Theory and Case Studies

There have been several case studies of vertical integration in the US automobile

industry, many of which focus on the 1920’s and 1930’s. Klein et al. (1978) provide the

most well-known case study, that of GM’s decision to acquire Fisher Body in 1924.

Others include Langlois and Robertson (1989), Helper (1991), Katz, (1977) and Raff

(1991). One advantage of the case study approach is that several hypotheses concerning

the observed pattern of vertical integration have been created. As each author revisits the

phenomena, cumulativity reveals the importance of subtle distinctions in the emphasis

each author puts on certain features or hazards of the transaction.

Helper (1991) offers an illustrative example. She argues that integration was the

preferred mode of organization not because of asset specificity alone, but because it

fostered asset specific learning.
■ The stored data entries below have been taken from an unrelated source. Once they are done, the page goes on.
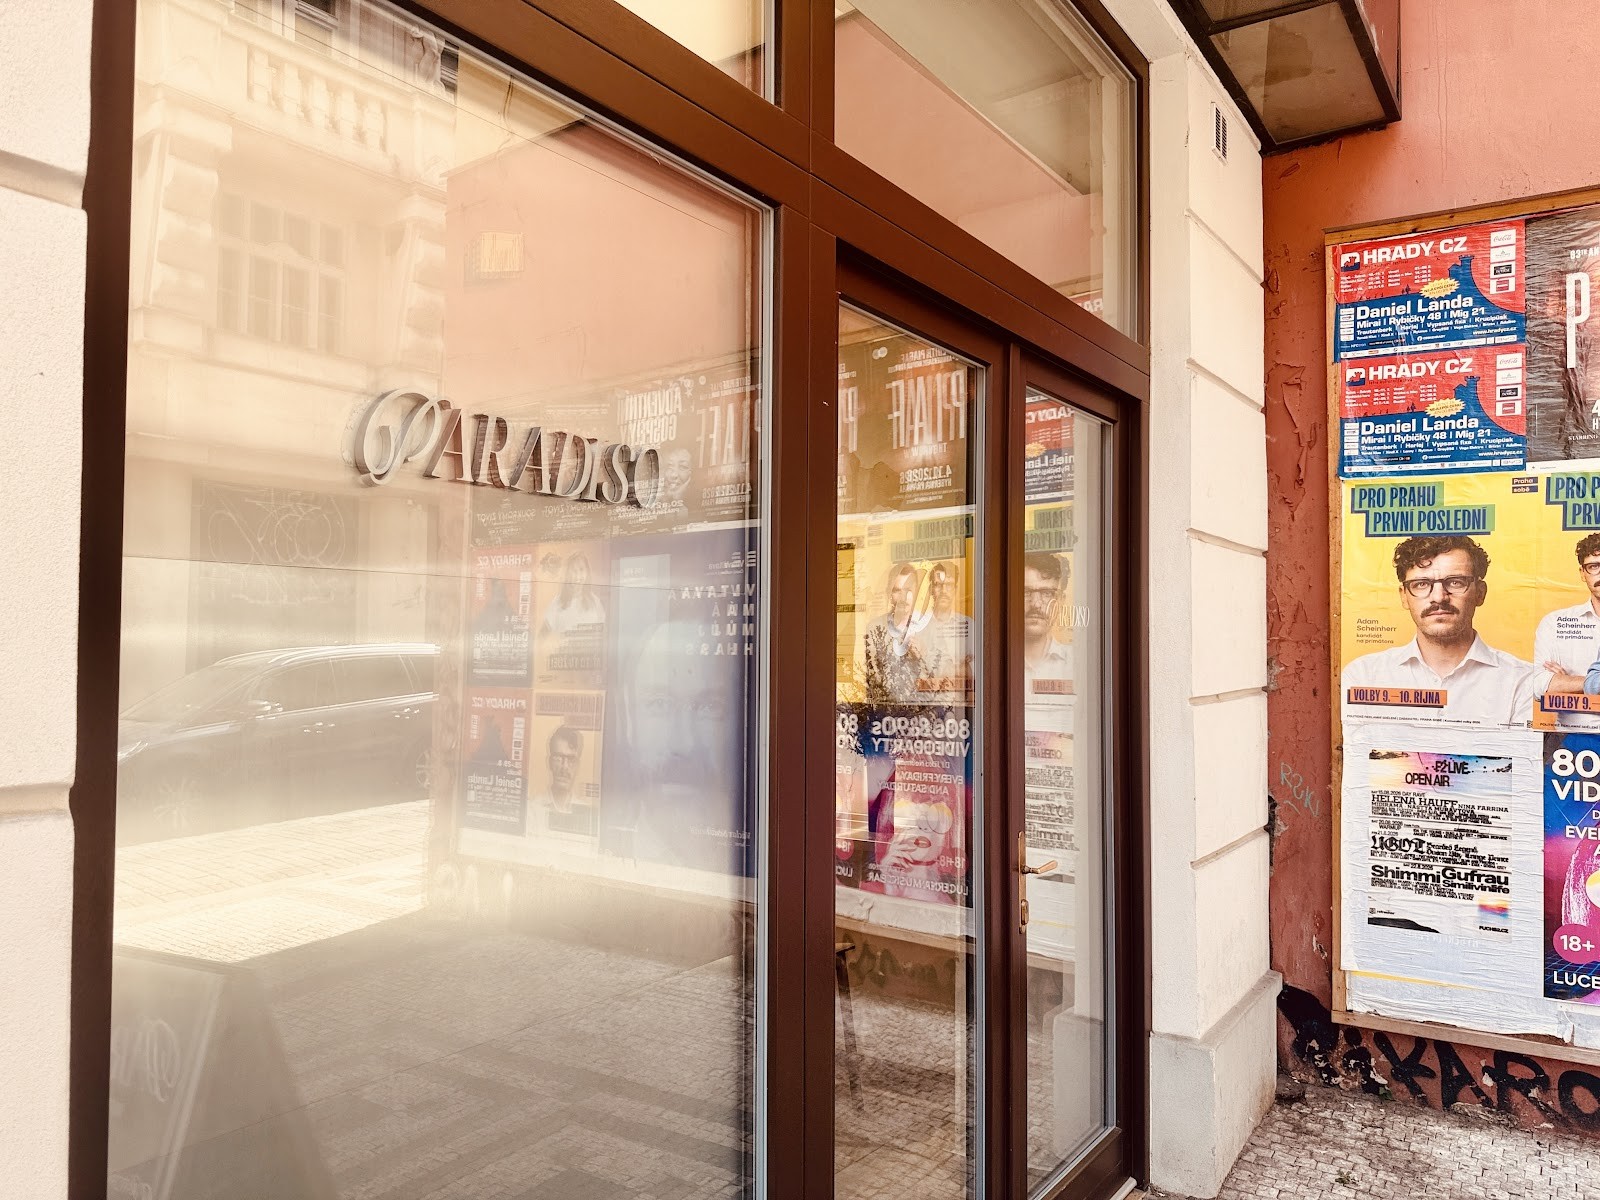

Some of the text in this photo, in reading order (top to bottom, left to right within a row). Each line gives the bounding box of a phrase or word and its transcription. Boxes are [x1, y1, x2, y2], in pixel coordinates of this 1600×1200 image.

[1363, 236, 1468, 265] HRADY CZ
[1356, 294, 1473, 320] Daniel Landa
[1357, 318, 1381, 329] Mirai
[1389, 315, 1425, 326] Rybičky
[1427, 312, 1442, 321] 48
[1450, 309, 1469, 319] Mig
[1471, 307, 1486, 316] 21
[1368, 357, 1473, 381] HRADY CZ
[1361, 415, 1479, 435] Daniel Landa
[1361, 428, 1491, 444] Mirai Rybičky 48 Mig 21
[354, 388, 663, 509] PARADISO
[1513, 477, 1534, 485] Praha
[1555, 476, 1587, 499] PRO
[1358, 485, 1436, 509] PRO PRAHU
[1373, 506, 1487, 532] PRVNÍ POSLEDNÍ
[1046, 598, 1090, 628] PARADISO
[1353, 688, 1380, 701] VOLBY
[1413, 689, 1441, 705] ŘÍJNA
[1548, 694, 1580, 709] VOLBY
[1448, 761, 1469, 775] LIVE
[1551, 748, 1600, 778] 80
[1405, 772, 1450, 787] OPEN AIR
[1371, 794, 1416, 805] HELENA
[1418, 797, 1458, 808] HAUFF
[1551, 779, 1600, 803] VID
[1565, 826, 1600, 840] EVE
[1371, 864, 1509, 885] Shimmi Gufrau
[1559, 934, 1595, 952] 18+
She then differentiates her argument from Chandler and

Salisbury (1971) who disregard asset specificity but emphasize the acquisition of

managerial and production capabilities (learning) and Langlois and Robertson (1989)
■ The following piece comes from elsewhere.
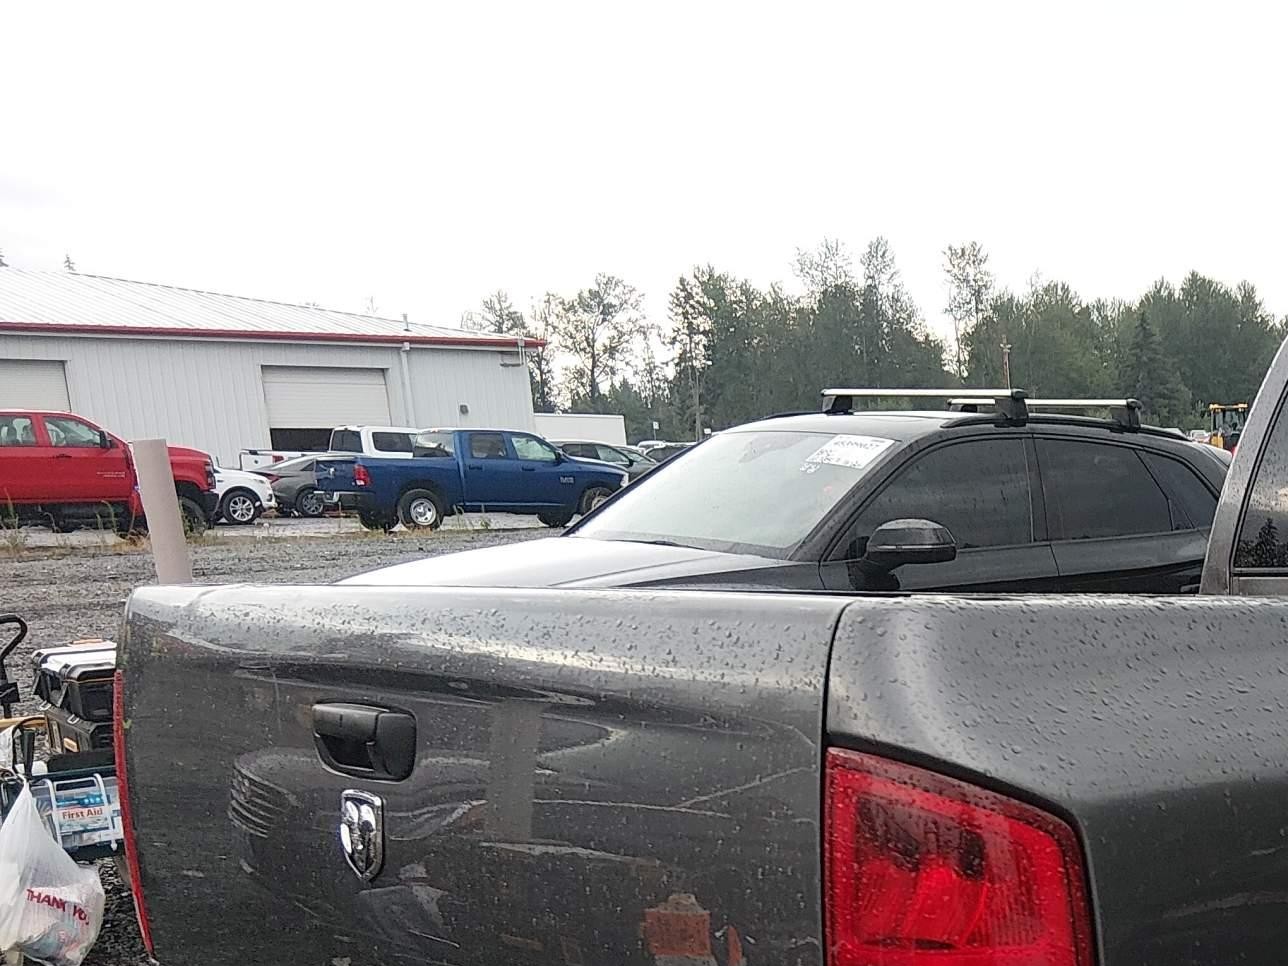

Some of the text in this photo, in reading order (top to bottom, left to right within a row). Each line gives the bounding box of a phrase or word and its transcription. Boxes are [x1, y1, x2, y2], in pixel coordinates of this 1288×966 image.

[62, 808, 103, 820] First Aid
[27, 889, 66, 912] THANK
who emphasize the specificity of the knowledge (learning) but suggest that it is the

geographic proximity of integration which supports this process.

Edmonds (1923) is the first of many to use the case study approach to study the

pattern of vertical integration in the US auto industry. His work identifies three firms

GM, Ford, and Durant Motors as large enough to support extensive integration, but

suggests that integration decisions within the over one hundred independents (e.g.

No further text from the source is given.